REACH
Regulation on the duties placed on registrants to update their registrations under Regulation (EC) No 1907/2006 of the European Parliament and of the Council concerning the Registration, Evaluation, Authorisation and Restriction of Chemicals (REACH).
REACH is a regulation of the European Union, adopted to improve the protection of human health and the environment from the risks that can be posed by chemicals, while enhancing the competitiveness of the EU chemicals industry. It also promotes alternative methods for the hazard assessment of substances in order to reduce the number of tests on animals.
In principle, REACH applies to all chemical substances and has an impact on most companies across the EU.
REACH places the burden of proof on companies. To comply with the regulation, companies must identify and manage the risks linked to the substances they manufacture and market in the EU. They have to demonstrate to the authorities how the substance can be safely used, and they must communicate the risk management measures to the users.
If the risks cannot be managed, authorities can restrict the use of substances in different ways. In the long run, the most hazardous substances should be substituted with less dangerous ones.
BPR
The Biocidal Products Regulation (BPR, Regulation (EU) 528/2012) concerns the placing on the market and use of biocidal products, which are used to protect humans, animals, materials or articles against harmful organisms like pests or bacteria, by the action of the active substances contained in the biocidal product. This regulation aims to improve the functioning of the biocidal products market in the EU, while ensuring a high level of protection for humans and the environment.
CLP
The Classification, Labelling and Packaging (CLP) Regulation ((EC) No 1272/2008) is based on the United Nations’ Globally Harmonised System (GHS) and its purpose is to ensure a high level of protection of health and the environment, as well as the free movement of substances, mixtures and articles.
CLP is legally binding across the Member States and directly applicable to all industrial sectors.
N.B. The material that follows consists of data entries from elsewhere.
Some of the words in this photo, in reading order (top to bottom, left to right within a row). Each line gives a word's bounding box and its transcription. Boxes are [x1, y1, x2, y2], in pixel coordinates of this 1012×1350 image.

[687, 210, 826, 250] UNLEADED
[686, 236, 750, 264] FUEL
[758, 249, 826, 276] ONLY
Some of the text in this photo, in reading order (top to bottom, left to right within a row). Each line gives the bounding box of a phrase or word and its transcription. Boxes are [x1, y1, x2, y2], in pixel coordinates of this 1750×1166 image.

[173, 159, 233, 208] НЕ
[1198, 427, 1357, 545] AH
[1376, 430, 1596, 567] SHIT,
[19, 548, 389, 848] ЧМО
It requires manufacturers, importers or downstream users of substances or mixtures to classify, label and package their hazardous chemicals appropriately before placing them on the market.
One of the main aims of CLP is to determine whether a substance or mixture displays properties that lead to a hazardous classification. In this context, classification is the starting point for hazard communication.
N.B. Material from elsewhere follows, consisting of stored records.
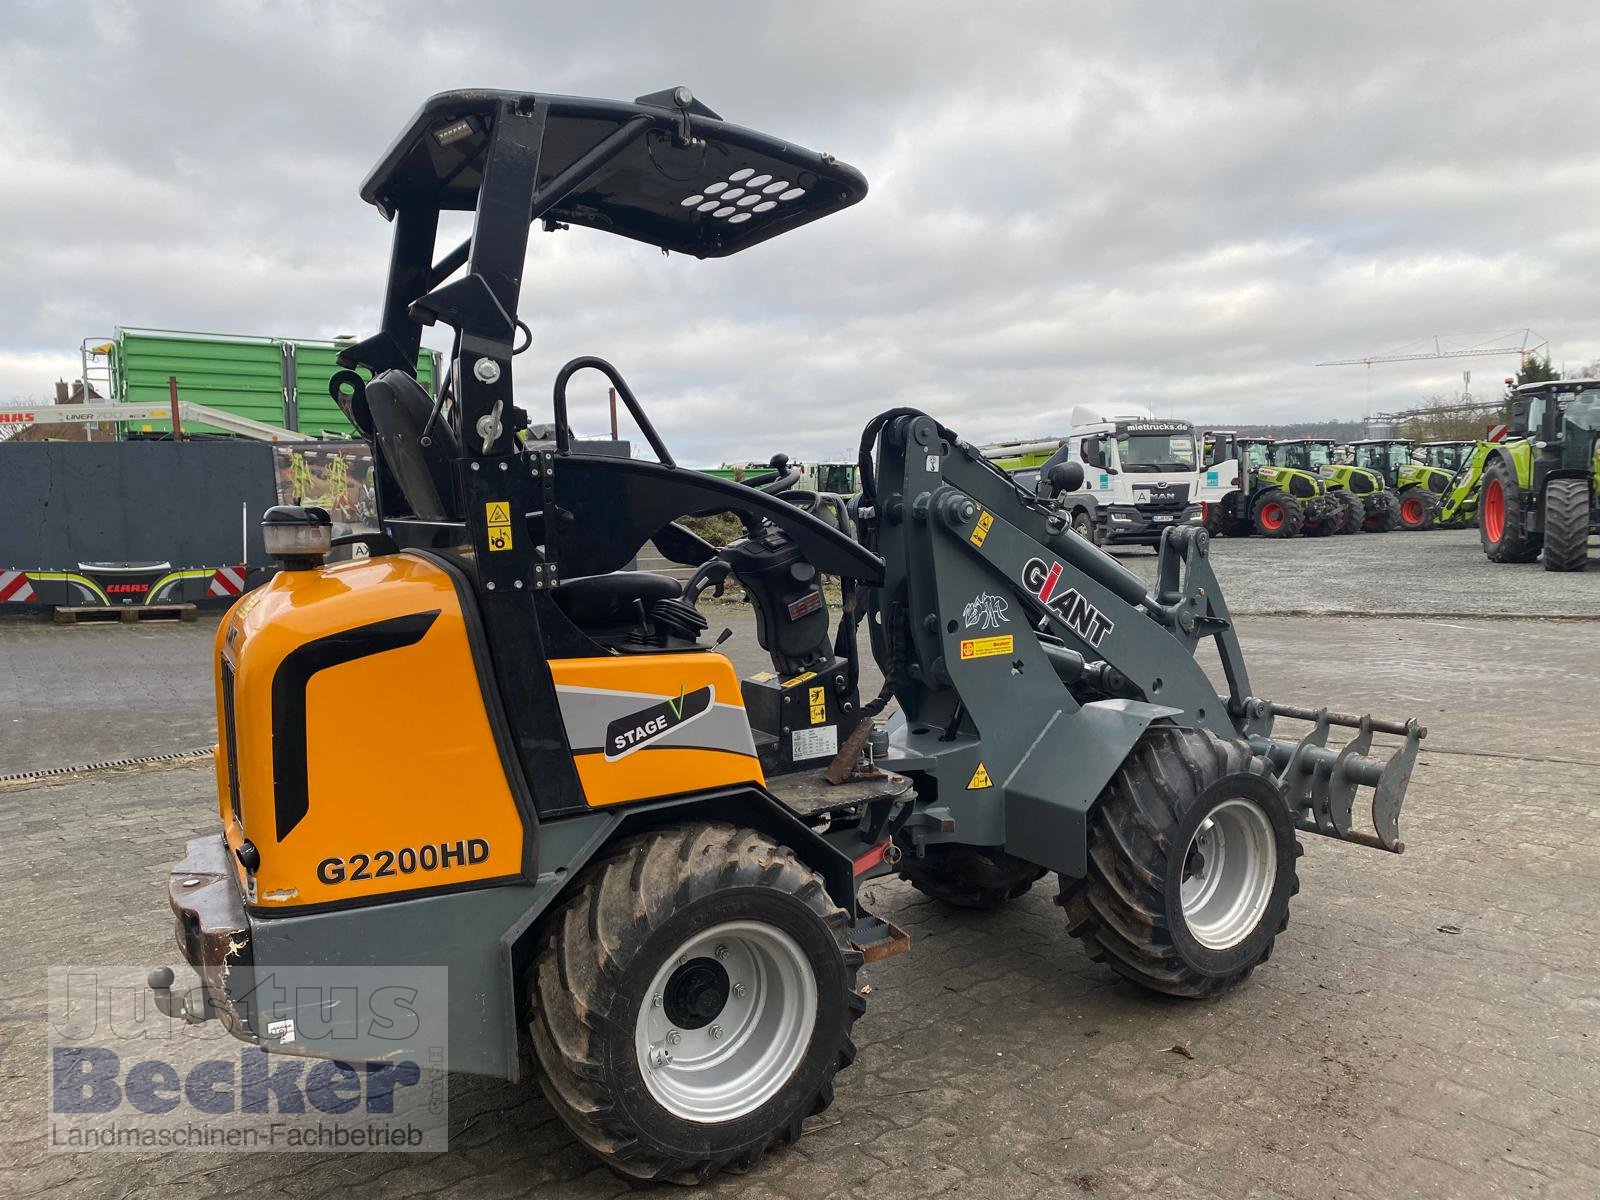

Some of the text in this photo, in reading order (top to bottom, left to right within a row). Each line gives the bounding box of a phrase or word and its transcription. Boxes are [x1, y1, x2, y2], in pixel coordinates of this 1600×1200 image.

[1127, 423, 1188, 431] miettrucks.de
[1138, 492, 1147, 502] A
[106, 583, 149, 592] CLAAS
[614, 714, 668, 749] STAGE
[316, 837, 490, 885] G2200HD
When relevant information (e.g. toxicological data) on a substance or mixture meets the classification criteria in CLP, the hazards of a substance or mixture are identified by assigning a certain hazard class and category. The hazard classes in CLP cover physical, health, environmental and additional hazards.
Once a substance or mixture is classified, the identified hazards must be communicated to other actors in the supply chain, including consumers. Hazard labelling allows the hazard classification, with labels and safety data sheets, to be communicated to the user of a substance or mixture, to alert them about the presence of a hazard and the need to manage the associated risks.
CLP sets detailed criteria for the labelling elements: pictograms, signal words and standard statements for hazard, prevention, response, storage and disposal, for every hazard class and category. It also sets general packaging standards to ensure the safe supply of hazardous substances and mixtures. In addition to the communication of hazards through labelling requirements, CLP is also the basis for many legislative provisions on the risk management of chemicals.
DWD
The Drinking Water Directive’s (DWD; (EU) 2020/2184) mission is to keep people and the environment safe from any harm that contaminated drinking water might cause. It also wants to make sure everyone has access to clean, refreshing water. The DWD first came into force on 12 January 2021, following a review of the original Drinking Water Directive from 1998.It has introduced harmonised rules about materials that come into contact with water meant for our consumption throughout the EU. The new regulatory framework includes:
- A list of approved substances, compositions and constituents that can be used when making materials that come into contact with drinking water.
- A way of assessing risks and the information needed to review these approved substances, compositions and constituents.
- A process for updating the list.
By the end of 2025, businesses and national authorities can let ECHA know about any changes they want to make to the European positive lists. Then, from the end of 2026, they can start submitting their applications to ECHA to add new entries and to change or remove existing ones from the European positive lists.